Saved entries:

--------

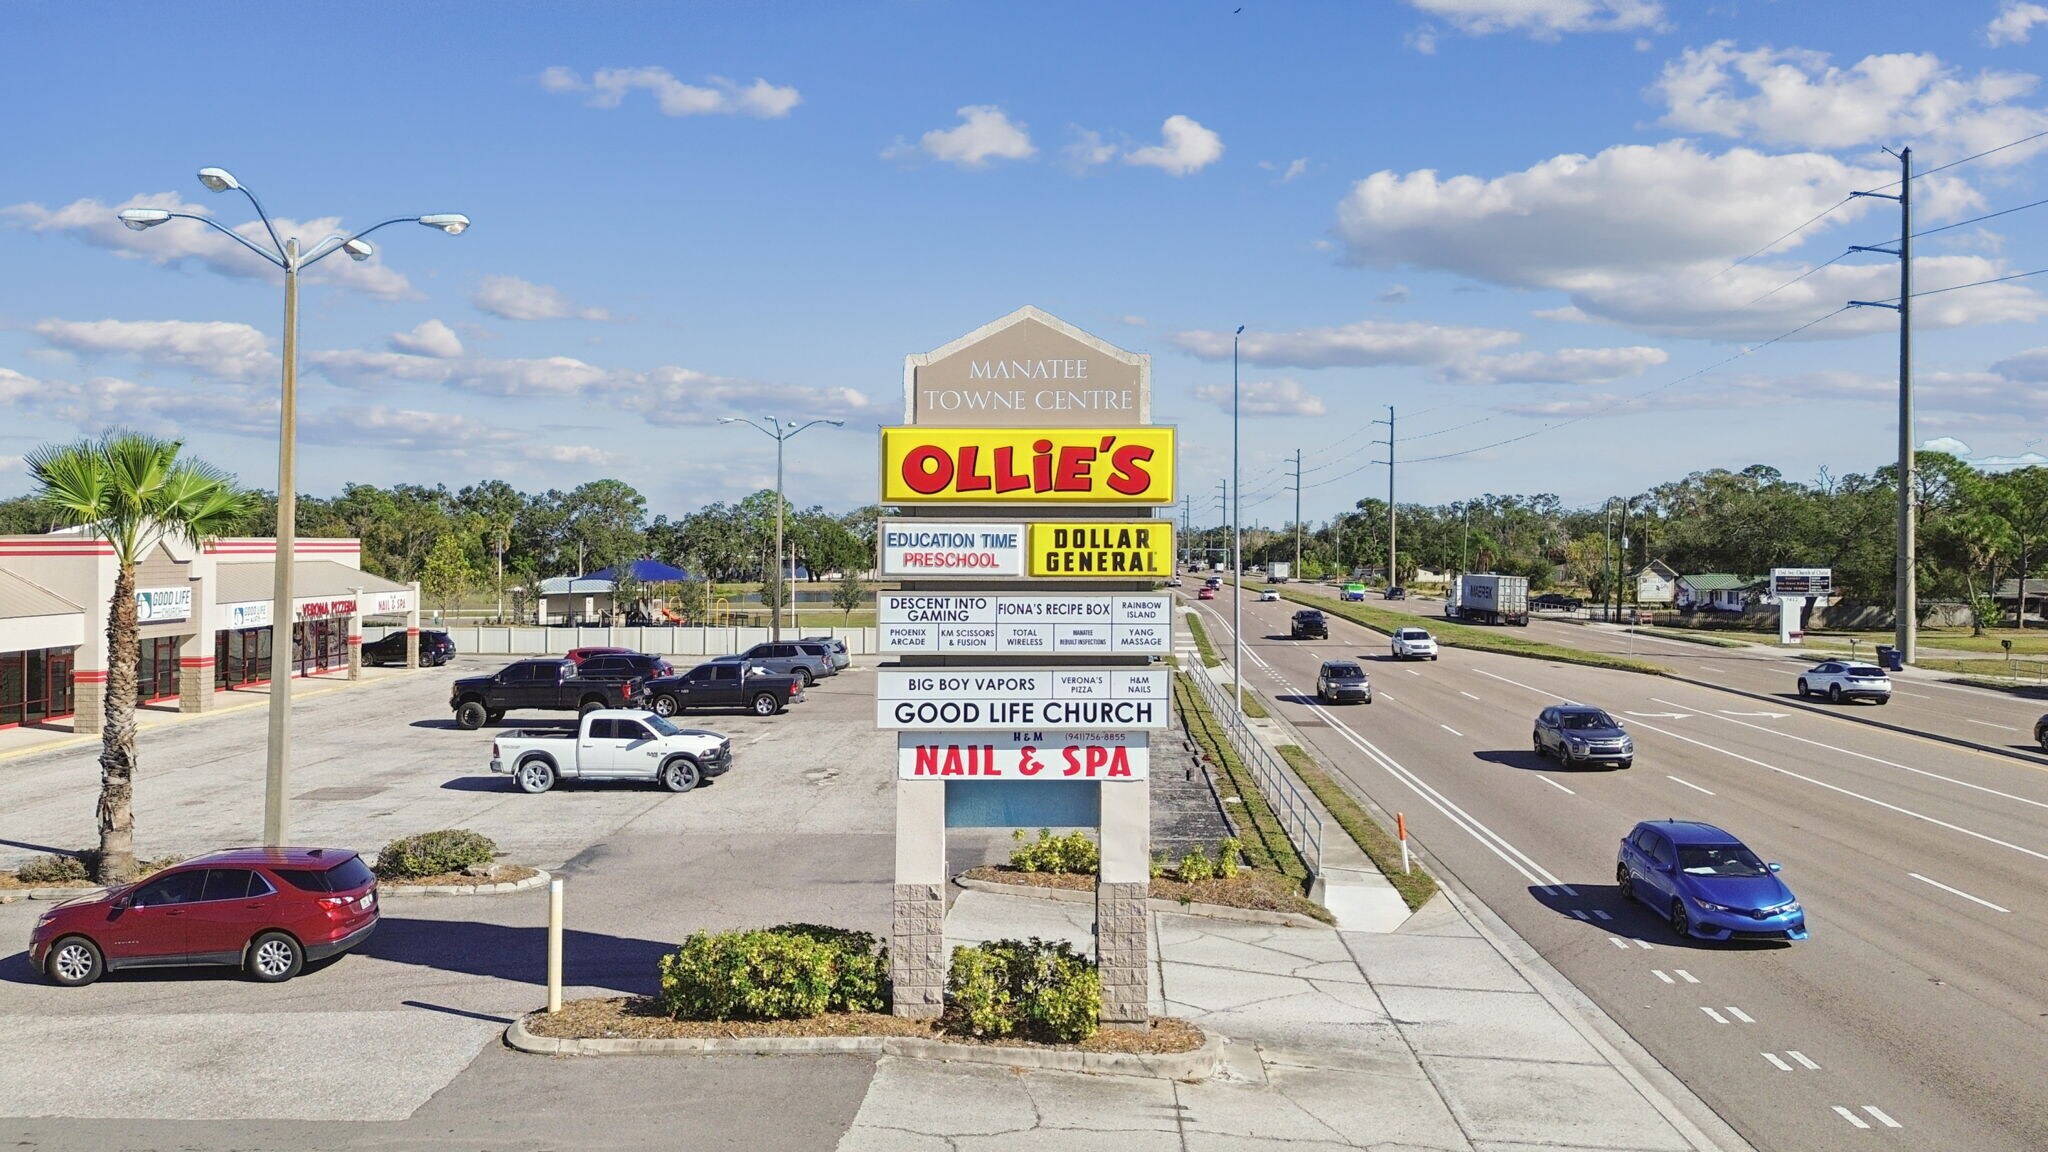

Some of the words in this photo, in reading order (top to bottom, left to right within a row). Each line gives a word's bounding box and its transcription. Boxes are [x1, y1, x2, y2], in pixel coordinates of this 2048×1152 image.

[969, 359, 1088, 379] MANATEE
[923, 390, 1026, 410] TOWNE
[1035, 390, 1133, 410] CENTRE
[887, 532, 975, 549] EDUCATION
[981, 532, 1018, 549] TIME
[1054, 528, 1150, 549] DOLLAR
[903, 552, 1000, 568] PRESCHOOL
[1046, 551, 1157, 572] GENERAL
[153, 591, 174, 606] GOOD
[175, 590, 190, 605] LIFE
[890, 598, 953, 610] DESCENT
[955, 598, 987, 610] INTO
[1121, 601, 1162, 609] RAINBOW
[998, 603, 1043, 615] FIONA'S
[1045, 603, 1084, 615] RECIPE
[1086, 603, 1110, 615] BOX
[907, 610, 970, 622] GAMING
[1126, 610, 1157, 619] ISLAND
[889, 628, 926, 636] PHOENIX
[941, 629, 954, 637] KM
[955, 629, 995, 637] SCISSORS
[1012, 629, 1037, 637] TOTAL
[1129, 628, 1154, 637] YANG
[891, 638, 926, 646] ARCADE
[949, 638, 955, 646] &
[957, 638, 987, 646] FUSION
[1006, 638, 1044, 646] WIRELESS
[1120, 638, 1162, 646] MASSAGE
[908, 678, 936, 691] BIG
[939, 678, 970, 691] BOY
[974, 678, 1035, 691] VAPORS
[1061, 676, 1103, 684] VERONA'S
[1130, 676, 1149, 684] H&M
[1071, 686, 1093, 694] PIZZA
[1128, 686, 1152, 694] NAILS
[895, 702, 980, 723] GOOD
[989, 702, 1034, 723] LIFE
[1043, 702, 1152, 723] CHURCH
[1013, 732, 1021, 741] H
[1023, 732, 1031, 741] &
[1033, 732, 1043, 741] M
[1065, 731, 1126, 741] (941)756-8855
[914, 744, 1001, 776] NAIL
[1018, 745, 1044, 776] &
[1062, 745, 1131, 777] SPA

--------

## Activity
Make a word-for-word copy of the entries, without any pictures.

## Response below
Some of the words in this photo, in reading order (top to bottom, left to right within a row). Each line gives a word's bounding box and its transcription. Boxes are [x1, y1, x2, y2], in pixel coordinates of this 2048×1152 image.

[969, 359, 1088, 379] MANATEE
[923, 390, 1026, 410] TOWNE
[1035, 390, 1133, 410] CENTRE
[887, 532, 975, 549] EDUCATION
[981, 532, 1018, 549] TIME
[1054, 528, 1150, 549] DOLLAR
[903, 552, 1000, 568] PRESCHOOL
[1046, 551, 1157, 572] GENERAL
[153, 591, 174, 606] GOOD
[175, 590, 190, 605] LIFE
[890, 598, 953, 610] DESCENT
[955, 598, 987, 610] INTO
[1121, 601, 1162, 609] RAINBOW
[998, 603, 1043, 615] FIONA'S
[1045, 603, 1084, 615] RECIPE
[1086, 603, 1110, 615] BOX
[907, 610, 970, 622] GAMING
[1126, 610, 1157, 619] ISLAND
[889, 628, 926, 636] PHOENIX
[941, 629, 954, 637] KM
[955, 629, 995, 637] SCISSORS
[1012, 629, 1037, 637] TOTAL
[1129, 628, 1154, 637] YANG
[891, 638, 926, 646] ARCADE
[949, 638, 955, 646] &
[957, 638, 987, 646] FUSION
[1006, 638, 1044, 646] WIRELESS
[1120, 638, 1162, 646] MASSAGE
[908, 678, 936, 691] BIG
[939, 678, 970, 691] BOY
[974, 678, 1035, 691] VAPORS
[1061, 676, 1103, 684] VERONA'S
[1130, 676, 1149, 684] H&M
[1071, 686, 1093, 694] PIZZA
[1128, 686, 1152, 694] NAILS
[895, 702, 980, 723] GOOD
[989, 702, 1034, 723] LIFE
[1043, 702, 1152, 723] CHURCH
[1013, 732, 1021, 741] H
[1023, 732, 1031, 741] &
[1033, 732, 1043, 741] M
[1065, 731, 1126, 741] (941)756-8855
[914, 744, 1001, 776] NAIL
[1018, 745, 1044, 776] &
[1062, 745, 1131, 777] SPA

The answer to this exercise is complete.